A l'image du frère d'Ivan Ivanytch dans la nouvelle les groseilliers, chacun à sa petite vie étroite et nourrit des rêves tout aussi étroits. Pour le frère de ce personnage, fonctionnaire de son état, le rêve consiste à acquérir une propriété à la campagne avec maison, dépendances, terres et surtout des groseillers… Son rêve s'exauce et ce n'est pas sans fierté qu'il déguste les fruits de son attente devant son frère autant surpris qu'écoeuré. Ces groseilles, c'est le but ultime de la vie de son frère, elles ont beau être acides et infectes, il s'en délecte, s'en gave. Ces fruits rouges deviennent métaphore d'une vie mais la seule chose qui risque d'en découler c'est une belle colique. Autre métaphore de la vie si il en est...

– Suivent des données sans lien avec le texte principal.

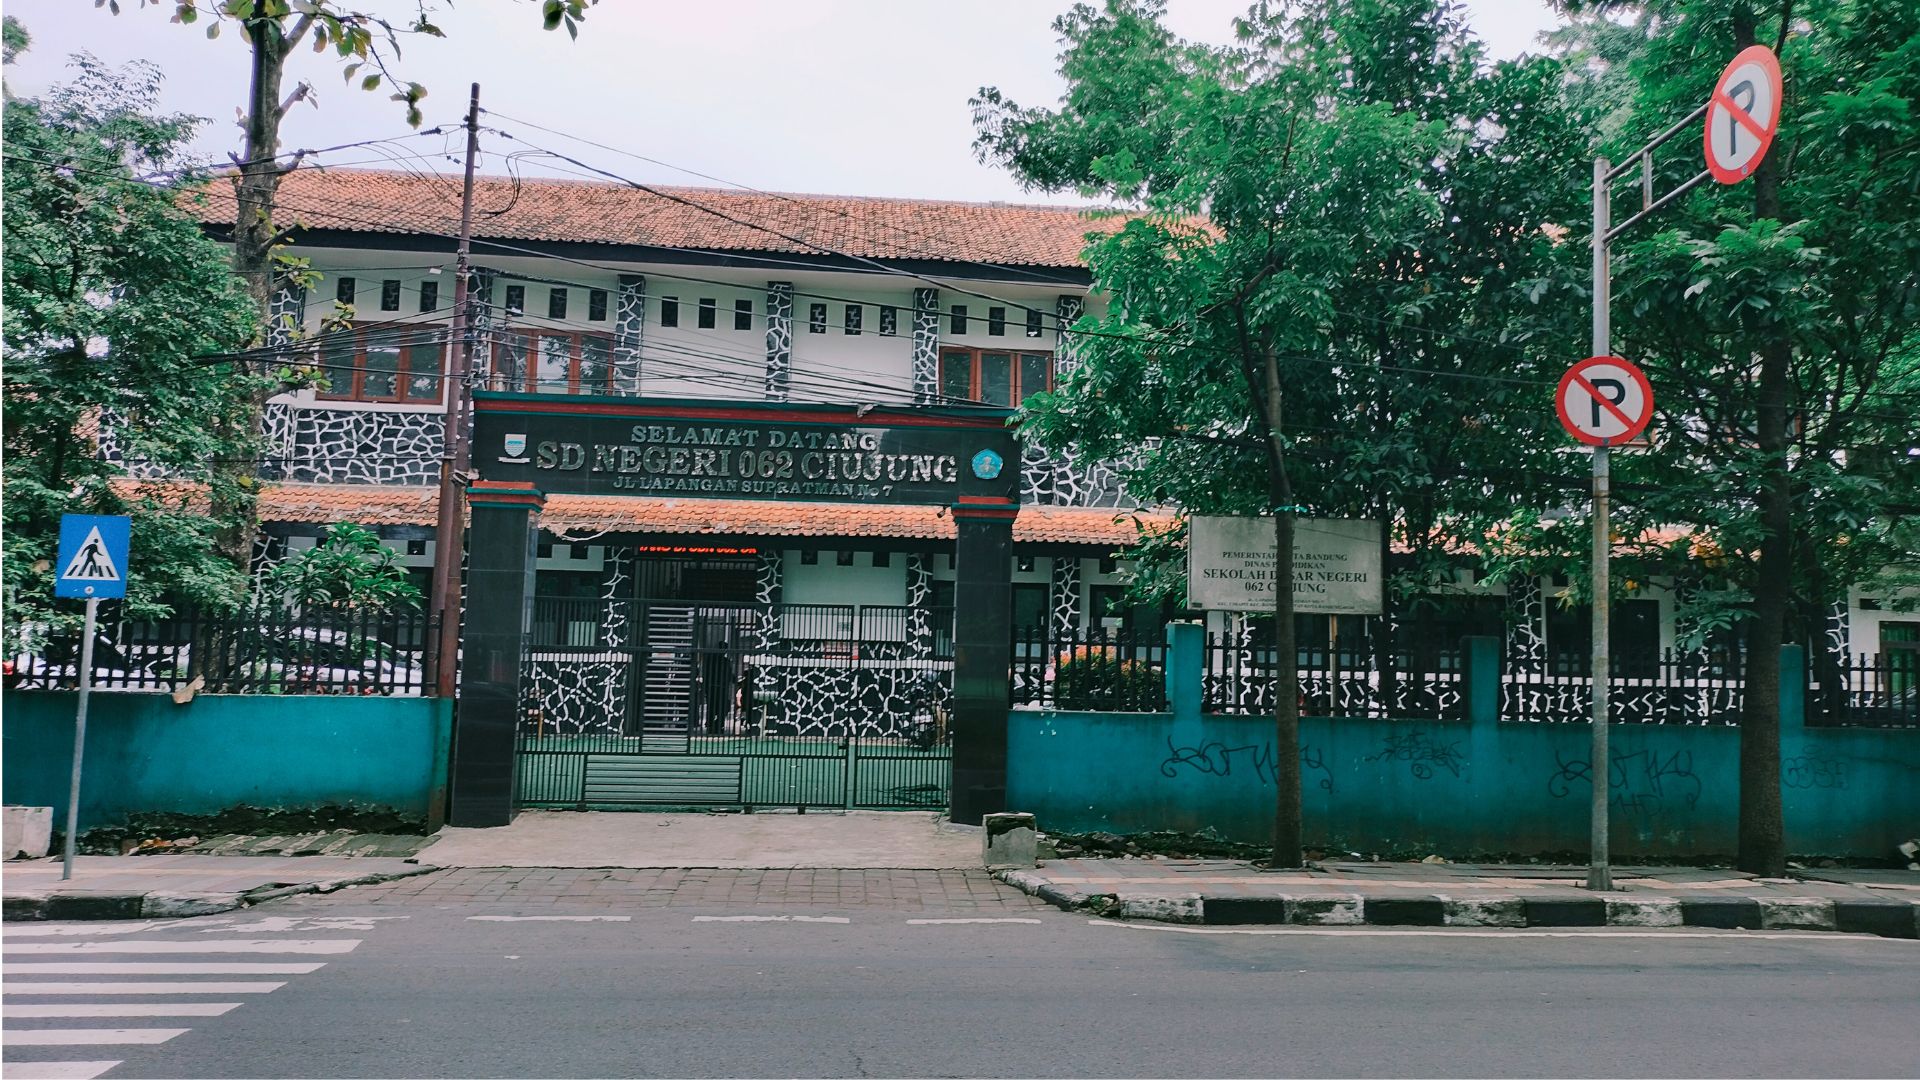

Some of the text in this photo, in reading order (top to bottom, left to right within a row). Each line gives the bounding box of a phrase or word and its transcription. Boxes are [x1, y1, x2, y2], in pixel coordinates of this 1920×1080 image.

[1729, 79, 1755, 157] P
[1590, 378, 1626, 428] P
[631, 425, 877, 451] SELAMAT DATANG
[536, 441, 958, 482] SD NEGERI 062 CIUJUNG
[640, 477, 737, 492] LAPANGAN
[741, 481, 854, 496] SUPRATMAN
[882, 484, 893, 497] 7
[1203, 568, 1367, 583] SEKOLAH DAR NEGERI
[1244, 560, 1326, 569] DINAS PIDIKAN
[1245, 582, 1326, 593] 062 CJUNG
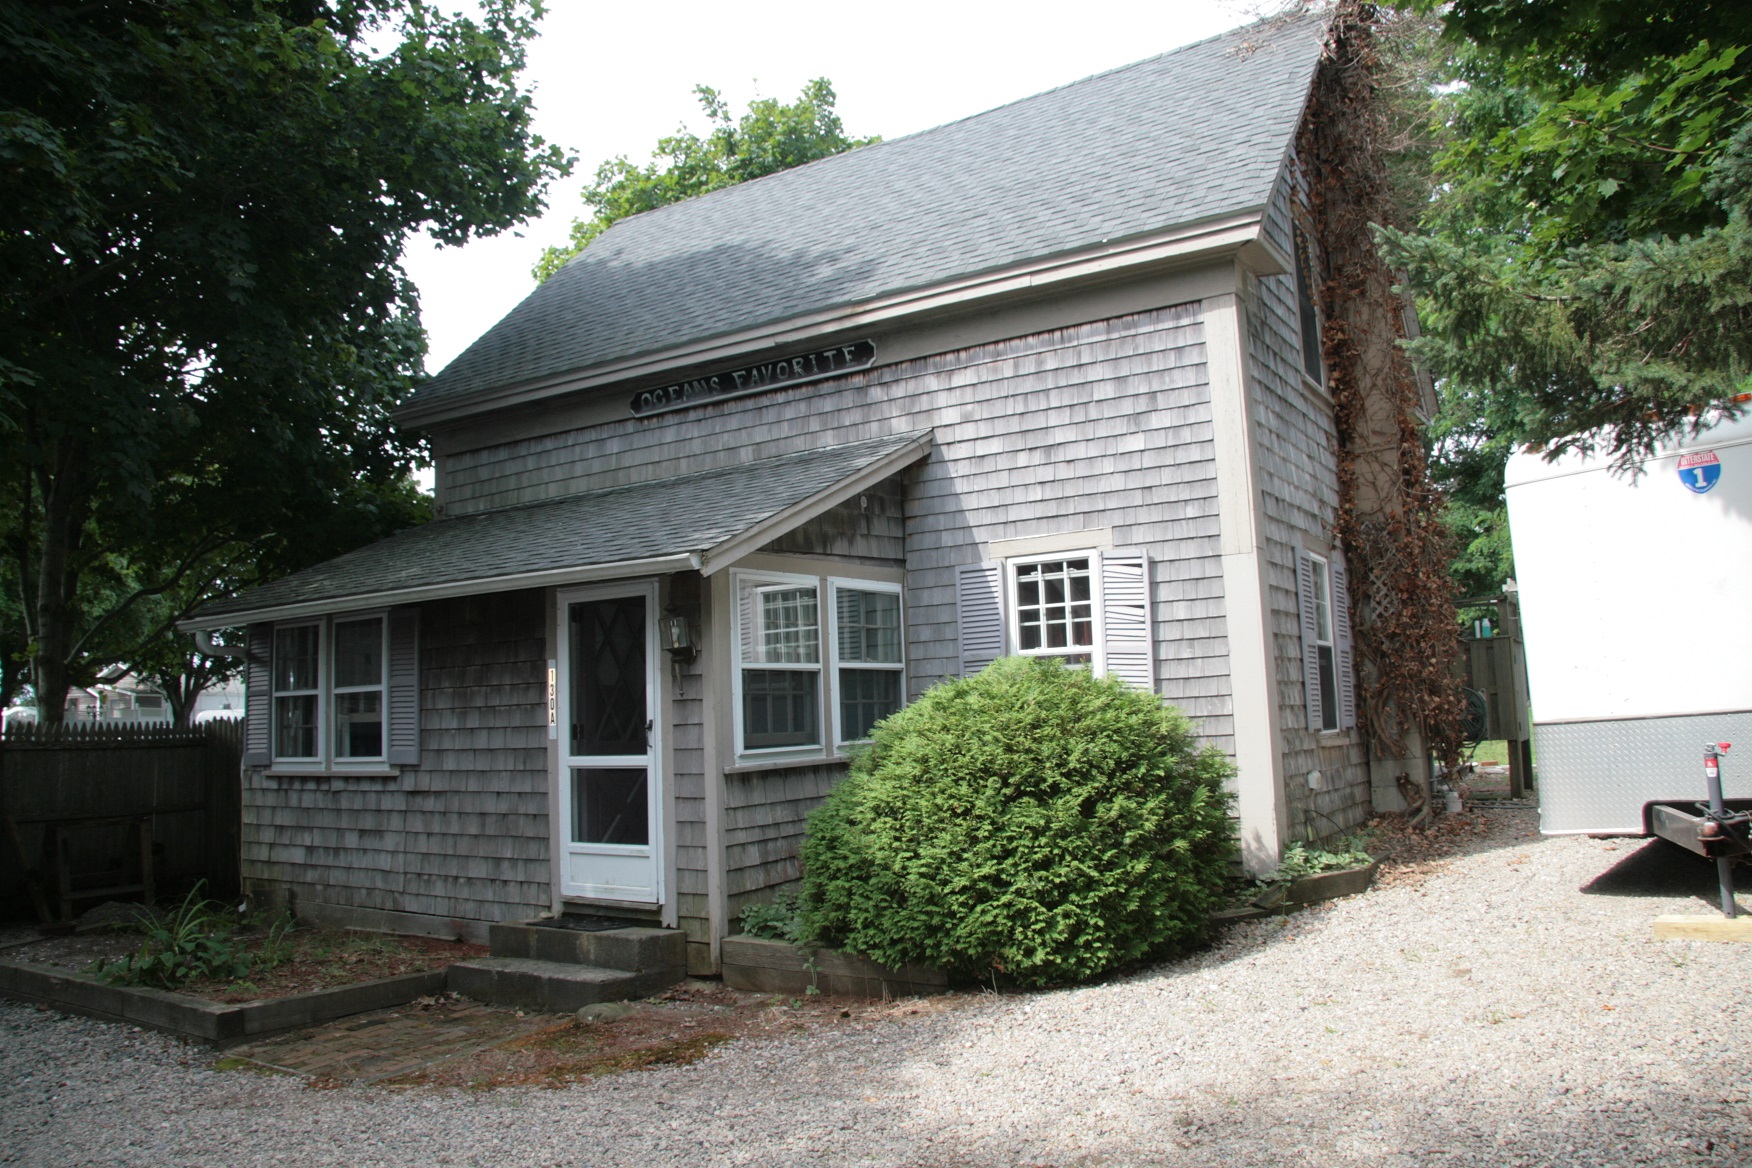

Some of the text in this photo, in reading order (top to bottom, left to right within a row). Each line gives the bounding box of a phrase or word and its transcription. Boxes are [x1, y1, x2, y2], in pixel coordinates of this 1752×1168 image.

[640, 346, 855, 409] OCEANS FAVORITE
[1680, 452, 1715, 466] INTERSTATE
[1692, 468, 1708, 488] 1

Peu ou prou cette vie est celle de tous les personnages de ces nouvelles. Toutes ont un lien fort avec la campagne, la province. On s'y ennuie immensément, la vie y semble interminable et cette immense vide donne le vertige. Alors on se prend à désirer autre chose...Dans la peur le narrateur se prend à désirer la femme de son ami, dans Ionytch un médecin convoite la fille d'un couple de notables.
Mais toujours l'échec, ou au moins la déception, sont au rendez vous, toujours on finit par chuter dans la boue de la vie. On s'embourbe, on patauge mais il n'y a rien de mieux à faire sinon fuir, ne pas regarder les autres se perdre et sauver sa peau.
De ce tableau peu reluisant, seule la nouvelle l'étudiant apparaît comme un tout petit ilôt de lumière et d'optimisme.
Souvent inégales en terme de qualité ces éditions à petit prix de chez folio proposent ici un Tchekhov au sommet de son art. Idéal pour qui voudrait commencer à découvrir cet écrivain et son univers désenchanté.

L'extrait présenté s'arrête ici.